IV.            Conclusiones

 La implantación de mecanismos de “whistleblowing” en las empresas tiene una incidencia fundamental en materia de protección de datos de carácter personal y, por lo tanto, será necesario cumplir con las obligaciones que impone la Ley Orgánica de Protección de Datos y de su Reglamento de desarrollo, salvo en lo que respecta a las excepciones establecidas en la Ley de Prevención del Blanqueo de Capitales.

Con la reciente reforma del Código Penal en materia de responsabilidad penal de las personas jurídicas y la exigencia de un mayor control sobre las personas que dependen de las mismas y del establecimiento de sistemas de prevención y de detección de delitos, se ha dotado a las empresas de un nuevo marco legislativo que ampara el establecimiento de canales internos de denuncias con las referidas finalidades de control interno y prevención y descubrimiento de delitos.

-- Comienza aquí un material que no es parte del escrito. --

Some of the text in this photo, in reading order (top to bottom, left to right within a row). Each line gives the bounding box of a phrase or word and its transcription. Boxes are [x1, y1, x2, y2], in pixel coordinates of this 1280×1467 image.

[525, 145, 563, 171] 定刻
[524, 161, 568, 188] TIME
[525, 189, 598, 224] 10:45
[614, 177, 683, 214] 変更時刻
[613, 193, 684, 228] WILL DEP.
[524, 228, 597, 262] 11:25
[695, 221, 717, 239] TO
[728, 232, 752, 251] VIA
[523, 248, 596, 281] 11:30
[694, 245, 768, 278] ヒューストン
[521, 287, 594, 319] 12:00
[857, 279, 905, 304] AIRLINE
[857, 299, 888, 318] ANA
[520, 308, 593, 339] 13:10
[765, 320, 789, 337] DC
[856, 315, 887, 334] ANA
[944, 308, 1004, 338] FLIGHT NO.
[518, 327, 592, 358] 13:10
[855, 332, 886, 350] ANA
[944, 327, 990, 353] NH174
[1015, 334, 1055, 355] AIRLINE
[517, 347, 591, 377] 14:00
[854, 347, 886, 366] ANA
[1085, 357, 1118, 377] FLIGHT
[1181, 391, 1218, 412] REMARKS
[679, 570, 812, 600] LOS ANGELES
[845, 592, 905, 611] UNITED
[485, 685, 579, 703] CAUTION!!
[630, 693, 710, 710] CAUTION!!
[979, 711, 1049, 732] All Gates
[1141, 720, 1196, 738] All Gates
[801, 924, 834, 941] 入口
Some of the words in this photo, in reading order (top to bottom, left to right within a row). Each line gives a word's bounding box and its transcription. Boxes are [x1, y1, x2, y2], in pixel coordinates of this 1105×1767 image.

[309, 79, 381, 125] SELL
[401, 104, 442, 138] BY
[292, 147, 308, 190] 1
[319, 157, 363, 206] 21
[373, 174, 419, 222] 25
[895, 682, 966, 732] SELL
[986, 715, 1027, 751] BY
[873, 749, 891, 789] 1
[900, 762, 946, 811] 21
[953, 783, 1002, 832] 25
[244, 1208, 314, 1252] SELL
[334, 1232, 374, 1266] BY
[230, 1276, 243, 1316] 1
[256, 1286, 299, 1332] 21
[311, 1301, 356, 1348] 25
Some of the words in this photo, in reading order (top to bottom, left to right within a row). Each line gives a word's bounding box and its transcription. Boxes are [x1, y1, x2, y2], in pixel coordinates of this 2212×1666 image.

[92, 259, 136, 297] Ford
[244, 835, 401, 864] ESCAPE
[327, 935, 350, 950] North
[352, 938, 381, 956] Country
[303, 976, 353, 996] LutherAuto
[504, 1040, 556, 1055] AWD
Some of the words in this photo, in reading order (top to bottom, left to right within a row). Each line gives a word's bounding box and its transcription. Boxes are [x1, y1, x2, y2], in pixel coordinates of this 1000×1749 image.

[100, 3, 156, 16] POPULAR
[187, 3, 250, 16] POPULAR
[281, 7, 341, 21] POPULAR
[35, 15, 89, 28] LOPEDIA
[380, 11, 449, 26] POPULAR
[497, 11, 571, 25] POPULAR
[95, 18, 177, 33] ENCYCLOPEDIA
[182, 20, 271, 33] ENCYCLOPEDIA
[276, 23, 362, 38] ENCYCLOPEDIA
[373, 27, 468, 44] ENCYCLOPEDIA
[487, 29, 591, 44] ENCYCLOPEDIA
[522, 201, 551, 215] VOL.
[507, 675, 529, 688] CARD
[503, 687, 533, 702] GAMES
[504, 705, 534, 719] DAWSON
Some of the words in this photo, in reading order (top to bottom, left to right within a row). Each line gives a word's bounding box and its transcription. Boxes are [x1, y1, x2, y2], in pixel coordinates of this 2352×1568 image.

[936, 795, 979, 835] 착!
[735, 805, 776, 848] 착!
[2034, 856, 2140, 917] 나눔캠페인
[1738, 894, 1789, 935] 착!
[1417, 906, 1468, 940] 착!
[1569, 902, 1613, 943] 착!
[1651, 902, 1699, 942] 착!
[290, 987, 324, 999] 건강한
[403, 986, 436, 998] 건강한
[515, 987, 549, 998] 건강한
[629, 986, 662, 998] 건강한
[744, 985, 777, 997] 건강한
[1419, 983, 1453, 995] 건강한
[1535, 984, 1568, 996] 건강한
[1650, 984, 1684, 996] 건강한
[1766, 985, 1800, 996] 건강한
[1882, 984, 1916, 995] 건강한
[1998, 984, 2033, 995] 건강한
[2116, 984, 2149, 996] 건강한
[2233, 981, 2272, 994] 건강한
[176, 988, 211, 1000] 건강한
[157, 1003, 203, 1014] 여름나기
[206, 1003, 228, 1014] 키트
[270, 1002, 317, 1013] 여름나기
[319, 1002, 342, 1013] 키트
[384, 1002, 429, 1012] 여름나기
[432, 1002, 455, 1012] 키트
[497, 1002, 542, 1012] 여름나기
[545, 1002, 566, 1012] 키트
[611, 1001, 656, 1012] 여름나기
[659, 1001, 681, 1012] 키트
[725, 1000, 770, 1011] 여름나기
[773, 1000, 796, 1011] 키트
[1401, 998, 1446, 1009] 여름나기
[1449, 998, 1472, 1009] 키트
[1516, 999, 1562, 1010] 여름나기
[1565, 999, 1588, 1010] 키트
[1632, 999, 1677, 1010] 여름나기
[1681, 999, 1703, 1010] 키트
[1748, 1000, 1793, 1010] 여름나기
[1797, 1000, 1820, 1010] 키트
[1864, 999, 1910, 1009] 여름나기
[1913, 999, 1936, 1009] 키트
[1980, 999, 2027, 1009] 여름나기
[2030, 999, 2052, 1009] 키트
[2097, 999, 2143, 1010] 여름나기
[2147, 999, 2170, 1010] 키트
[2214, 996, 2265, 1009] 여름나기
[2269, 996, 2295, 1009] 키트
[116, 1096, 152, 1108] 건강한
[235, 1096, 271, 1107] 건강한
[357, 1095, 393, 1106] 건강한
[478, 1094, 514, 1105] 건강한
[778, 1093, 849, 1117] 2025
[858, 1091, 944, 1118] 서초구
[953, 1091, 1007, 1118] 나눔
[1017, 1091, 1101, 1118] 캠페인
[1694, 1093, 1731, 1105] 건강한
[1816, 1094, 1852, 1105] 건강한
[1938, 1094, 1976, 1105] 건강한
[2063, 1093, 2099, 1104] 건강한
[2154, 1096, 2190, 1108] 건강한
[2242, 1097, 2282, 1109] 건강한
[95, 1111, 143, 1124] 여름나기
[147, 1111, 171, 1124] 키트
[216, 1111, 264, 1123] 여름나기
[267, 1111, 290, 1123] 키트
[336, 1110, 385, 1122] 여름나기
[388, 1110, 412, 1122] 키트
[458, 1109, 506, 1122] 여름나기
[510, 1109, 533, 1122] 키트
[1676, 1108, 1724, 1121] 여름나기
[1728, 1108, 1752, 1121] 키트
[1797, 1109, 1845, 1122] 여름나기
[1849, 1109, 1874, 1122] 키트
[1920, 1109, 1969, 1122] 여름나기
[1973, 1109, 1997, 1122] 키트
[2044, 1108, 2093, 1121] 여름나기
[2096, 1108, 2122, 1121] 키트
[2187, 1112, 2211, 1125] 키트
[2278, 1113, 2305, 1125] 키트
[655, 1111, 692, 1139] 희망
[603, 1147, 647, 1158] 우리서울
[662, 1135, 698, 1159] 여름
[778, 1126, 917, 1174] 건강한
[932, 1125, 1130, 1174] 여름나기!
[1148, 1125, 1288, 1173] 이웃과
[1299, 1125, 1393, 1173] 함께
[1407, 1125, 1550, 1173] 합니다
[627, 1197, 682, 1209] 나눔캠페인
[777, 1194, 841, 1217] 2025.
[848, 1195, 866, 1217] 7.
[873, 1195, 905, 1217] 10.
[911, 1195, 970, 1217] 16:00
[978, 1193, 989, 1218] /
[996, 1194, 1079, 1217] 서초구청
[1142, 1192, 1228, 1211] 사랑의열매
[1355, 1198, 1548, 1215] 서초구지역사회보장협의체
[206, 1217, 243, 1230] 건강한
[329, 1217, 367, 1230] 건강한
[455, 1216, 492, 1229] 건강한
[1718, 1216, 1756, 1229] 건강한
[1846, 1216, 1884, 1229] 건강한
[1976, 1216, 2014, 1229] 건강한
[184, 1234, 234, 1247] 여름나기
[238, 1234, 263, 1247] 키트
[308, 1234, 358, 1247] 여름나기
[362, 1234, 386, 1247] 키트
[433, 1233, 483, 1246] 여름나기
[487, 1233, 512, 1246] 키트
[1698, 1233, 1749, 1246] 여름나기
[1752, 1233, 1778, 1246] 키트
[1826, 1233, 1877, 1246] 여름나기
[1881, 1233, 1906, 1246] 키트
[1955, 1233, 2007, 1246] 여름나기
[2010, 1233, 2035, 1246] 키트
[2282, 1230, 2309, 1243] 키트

A pesar de todo lo anterior, sería muy conveniente que se regulasen por ley estos sistemas de “whistleblowing” para dotar su creación de una mayor seguridad jurídica, detallando las obligaciones y los derechos de las personas físicas y jurídicas implicadas, estableciendo los límites que deben observar estos mecanismos, y, en particular, para definir con claridad las especialidades que implican los canales internos de denuncias en materia de protección de datos de carácter personal.